- _WORK INSTRUCTIONS_
Each record must come back unchanged in your answer, stripped of its images.
_ _ _ _ _ _ _
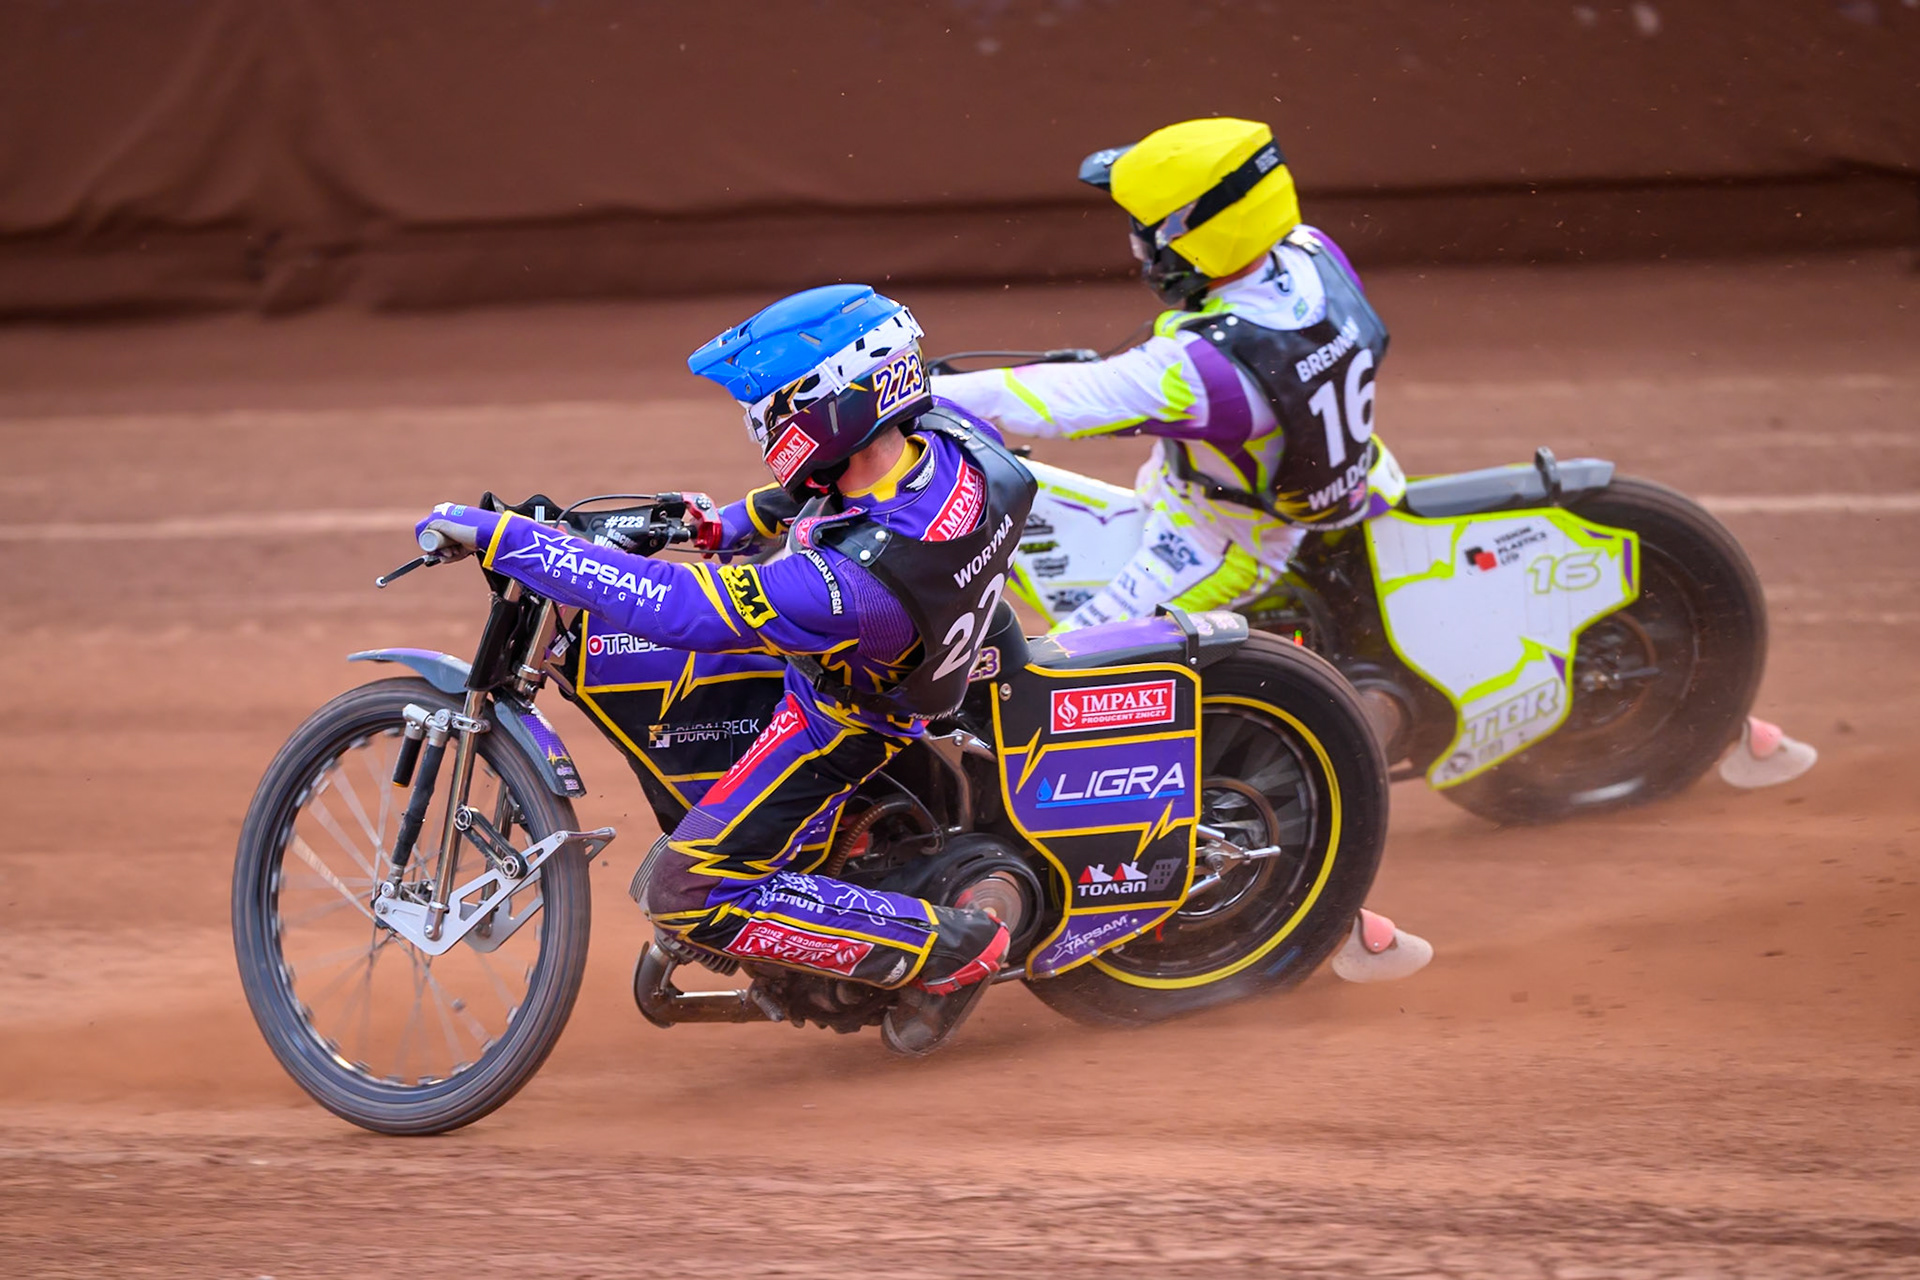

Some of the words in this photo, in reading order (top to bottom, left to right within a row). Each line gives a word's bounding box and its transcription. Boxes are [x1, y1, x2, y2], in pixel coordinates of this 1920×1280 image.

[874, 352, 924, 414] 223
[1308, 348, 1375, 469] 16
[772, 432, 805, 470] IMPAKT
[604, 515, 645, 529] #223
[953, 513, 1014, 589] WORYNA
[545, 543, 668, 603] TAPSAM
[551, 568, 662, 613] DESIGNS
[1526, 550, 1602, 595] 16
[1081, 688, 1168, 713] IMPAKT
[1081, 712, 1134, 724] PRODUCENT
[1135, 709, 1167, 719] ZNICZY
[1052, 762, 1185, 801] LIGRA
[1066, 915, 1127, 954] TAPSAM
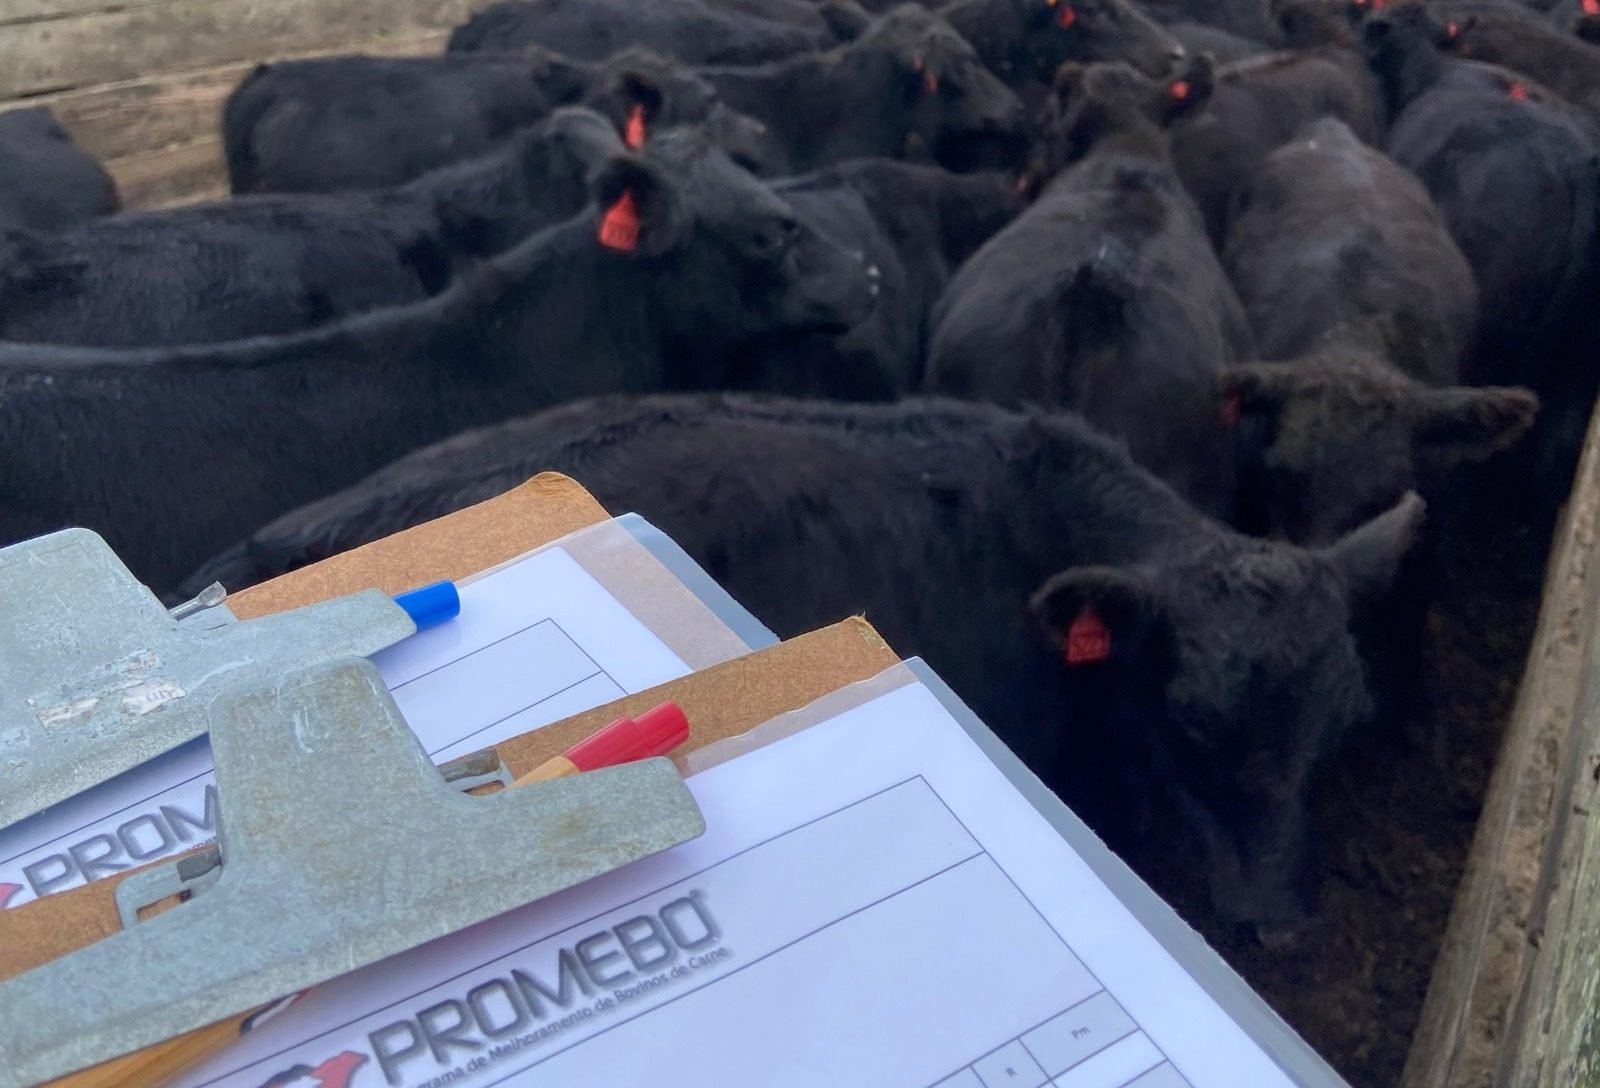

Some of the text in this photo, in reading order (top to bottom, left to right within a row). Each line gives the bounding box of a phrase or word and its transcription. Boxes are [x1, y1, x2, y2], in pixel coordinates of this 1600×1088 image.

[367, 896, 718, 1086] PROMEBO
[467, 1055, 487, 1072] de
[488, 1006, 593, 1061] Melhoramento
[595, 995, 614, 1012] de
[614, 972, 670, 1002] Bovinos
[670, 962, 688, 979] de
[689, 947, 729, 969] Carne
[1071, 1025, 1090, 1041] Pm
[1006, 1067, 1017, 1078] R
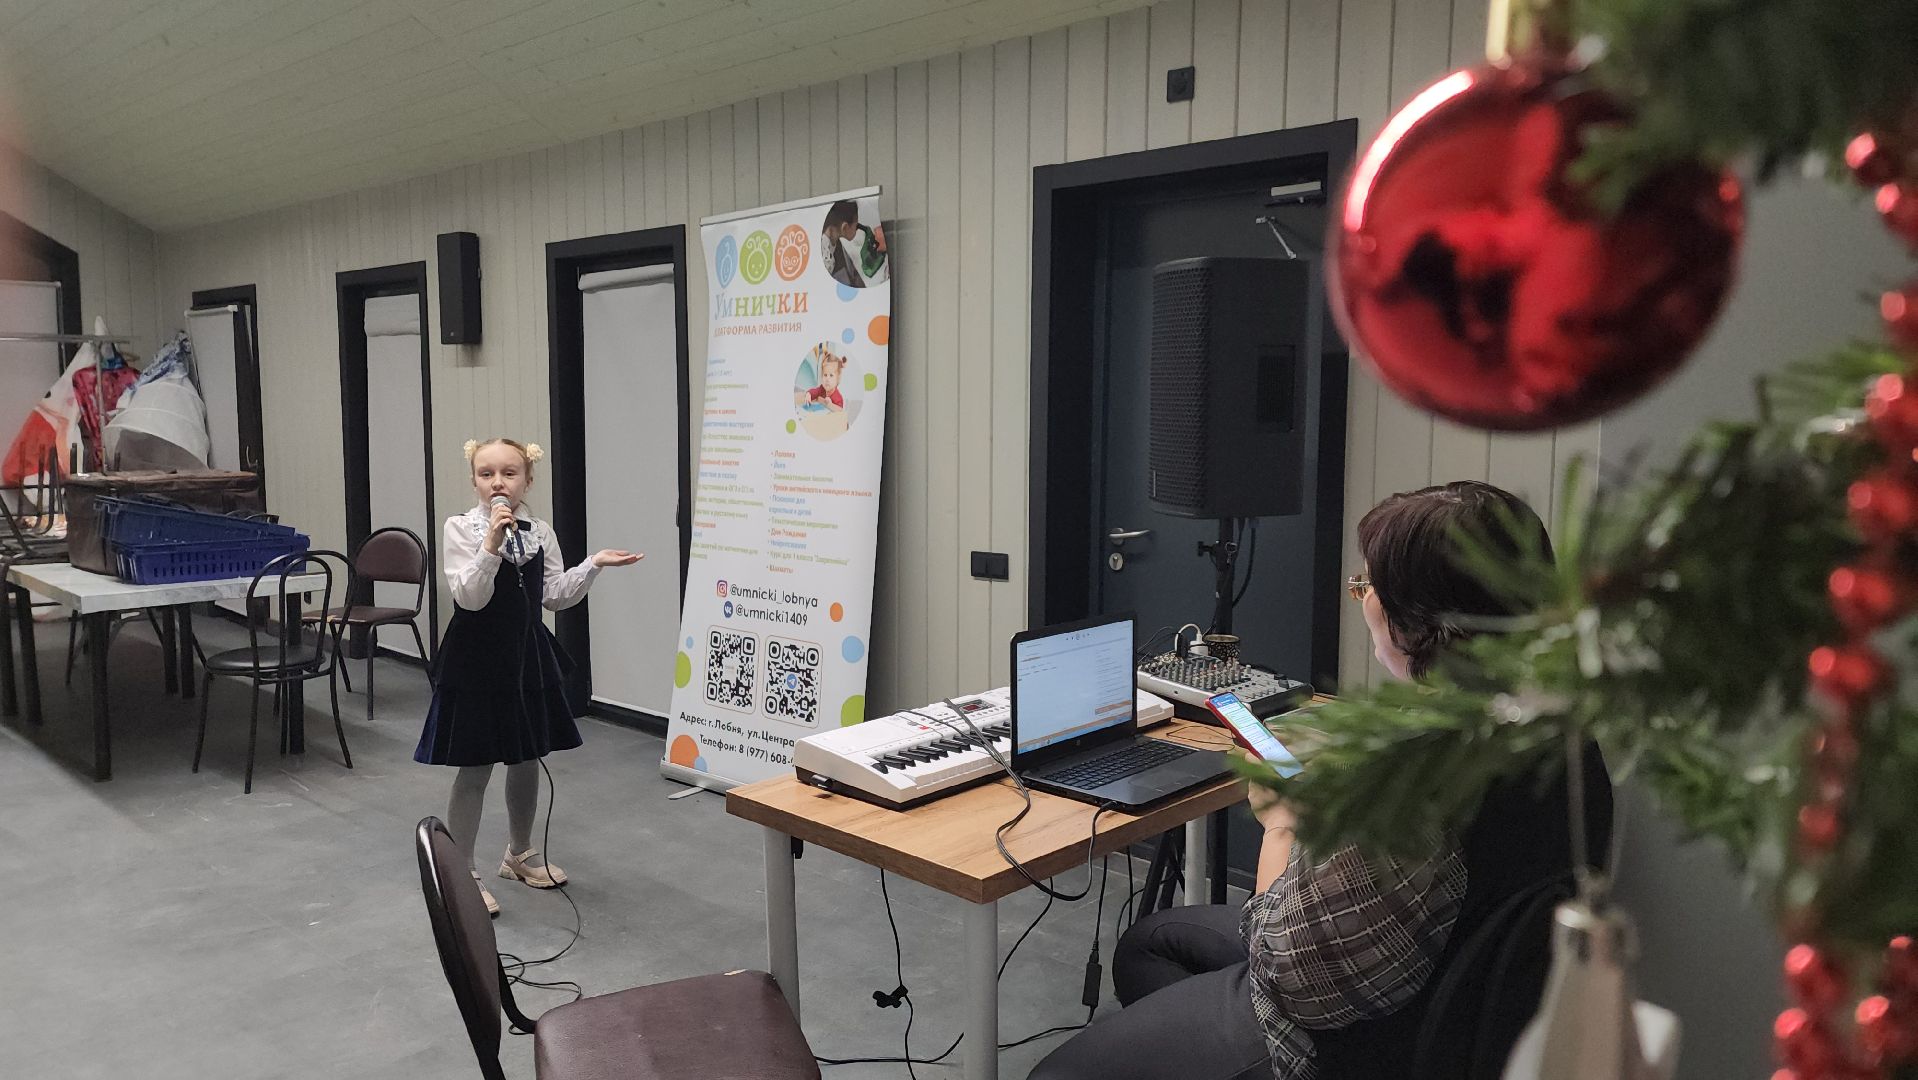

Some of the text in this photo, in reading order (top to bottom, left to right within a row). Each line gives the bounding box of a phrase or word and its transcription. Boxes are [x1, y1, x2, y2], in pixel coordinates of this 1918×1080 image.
_ _ _ _ _ _ _
- _TASK SOLUTION_
Some of the words in this photo, in reading order (top to bottom, left to right within a row). Each line gives a word's bounding box and its transcription. Boxes are [x1, y1, x2, y2], in pixel coordinates of this 1920×1280 image.

[874, 352, 924, 414] 223
[1308, 348, 1375, 469] 16
[772, 432, 805, 470] IMPAKT
[604, 515, 645, 529] #223
[953, 513, 1014, 589] WORYNA
[545, 543, 668, 603] TAPSAM
[551, 568, 662, 613] DESIGNS
[1526, 550, 1602, 595] 16
[1081, 688, 1168, 713] IMPAKT
[1081, 712, 1134, 724] PRODUCENT
[1135, 709, 1167, 719] ZNICZY
[1052, 762, 1185, 801] LIGRA
[1066, 915, 1127, 954] TAPSAM

Some of the text in this photo, in reading order (top to bottom, left to right within a row). Each line gives the bounding box of a phrase or word and its transcription. Boxes are [x1, y1, x2, y2], in pixel coordinates of this 1600×1088 image.

[367, 896, 718, 1086] PROMEBO
[467, 1055, 487, 1072] de
[488, 1006, 593, 1061] Melhoramento
[595, 995, 614, 1012] de
[614, 972, 670, 1002] Bovinos
[670, 962, 688, 979] de
[689, 947, 729, 969] Carne
[1071, 1025, 1090, 1041] Pm
[1006, 1067, 1017, 1078] R

Some of the text in this photo, in reading order (top to bottom, left to right within a row). Each line gives the bounding box of a phrase or word and its transcription. Boxes are [x1, y1, x2, y2], in pixel coordinates of this 1918×1080 image.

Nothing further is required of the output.